Jazz Fest review: Kurt Elling commands the stage at the Miller Center
Kurt Elling just doesn't make a song his own. He dissects it, modifies it, examines it under a microscope then reassembles it in a way that reassures you of the song's origins but suggests, oh so subtly, that this is something new altogether.
The scatting baritone artfully commanded the stage with a generous handful of these inventions Saturday night at the Miller Center for the Arts as part of the Boscov's Berks Jazz Fest.
One of Elling's signature talents is his vocalese, taking a tune, in one case Duke Ellington's “I Like the Sunrise” and adding lyrics not written for the song. Using words of the 13th century poet Rumi and Von Freeman's improvised melody based on Ellington's, he produced an astonishing new work that crossed millennia.
In the 1963 Drifters hit “On Broadway,” Elling's baritone became a vocal theremin, an early electronic instrument that produces eerie sounds filmmakers are fond of, and played it against John McLean's achingly plaintive guitar, which echoed, courted and challenged Elling's voice. The song took off from there, exploding into a series of sonic collisions, led largely by Kendrick Scott's propulsive drumming.

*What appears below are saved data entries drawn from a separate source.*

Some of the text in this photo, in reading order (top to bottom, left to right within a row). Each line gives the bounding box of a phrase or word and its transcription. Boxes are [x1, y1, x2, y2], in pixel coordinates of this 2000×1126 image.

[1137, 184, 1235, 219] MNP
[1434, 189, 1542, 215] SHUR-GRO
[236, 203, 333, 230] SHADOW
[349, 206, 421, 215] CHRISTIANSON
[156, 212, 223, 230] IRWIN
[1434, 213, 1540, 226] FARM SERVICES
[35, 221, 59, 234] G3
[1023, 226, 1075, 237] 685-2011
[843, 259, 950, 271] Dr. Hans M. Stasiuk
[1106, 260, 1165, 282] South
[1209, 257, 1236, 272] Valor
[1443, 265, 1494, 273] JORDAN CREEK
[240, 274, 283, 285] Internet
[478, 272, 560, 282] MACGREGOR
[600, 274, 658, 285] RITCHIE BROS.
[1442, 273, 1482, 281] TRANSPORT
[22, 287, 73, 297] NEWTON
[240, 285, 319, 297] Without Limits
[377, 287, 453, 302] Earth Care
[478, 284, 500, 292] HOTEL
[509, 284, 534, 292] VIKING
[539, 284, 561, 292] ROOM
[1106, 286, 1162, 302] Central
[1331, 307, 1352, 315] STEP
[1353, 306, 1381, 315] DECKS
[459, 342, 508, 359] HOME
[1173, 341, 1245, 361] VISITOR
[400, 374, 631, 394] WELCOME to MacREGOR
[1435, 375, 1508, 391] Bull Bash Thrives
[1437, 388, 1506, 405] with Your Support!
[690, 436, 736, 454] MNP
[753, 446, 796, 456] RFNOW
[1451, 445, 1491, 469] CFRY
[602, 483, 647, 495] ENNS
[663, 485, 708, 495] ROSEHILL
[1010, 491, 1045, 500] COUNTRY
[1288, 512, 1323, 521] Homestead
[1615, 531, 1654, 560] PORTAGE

Elling's band did more than back him. Halfway through the 80-minute set, and in the spirit of a night of making and remaking music, pianist Laurence Hobgood led a trio consisting of bassist Clark Sommers and Scott in a fiendishly sprawling version of Romberg and Hammerstein's “Softly, As in a Morning Sunrise” that had Hobgood's piano sounding like an orchestra and put the trio in overdrive, the familiar morphing into something new for a few bars, then returning to home turf.
Elling can scat like no other (except, maybe, the late Betty Carter) and he brought Carter's spirit back for “Samurai Cowboy,” a tune by Marc Johnson and lyrics by Elling. Sommers soloed magnificently.
The great jazz historian Ira Gitler once described the music of alto saxophonist Jackie McLean this way: “Cut a hole in your heart and let the night pour in.” Elling and his band – tight, polished, fierce – welcomed the heart of the night in song after song, even when the sun was shining.
The evening began with the Kutztown University Jazz Ensemble I, which provided a 50-minute walk through jazz history. The talented 18-piece orchestra sizzled in numbers by, among others, Frank Foster, Duke Ellington, Herbie Hancock, George Gershwin and Sonny Stitt.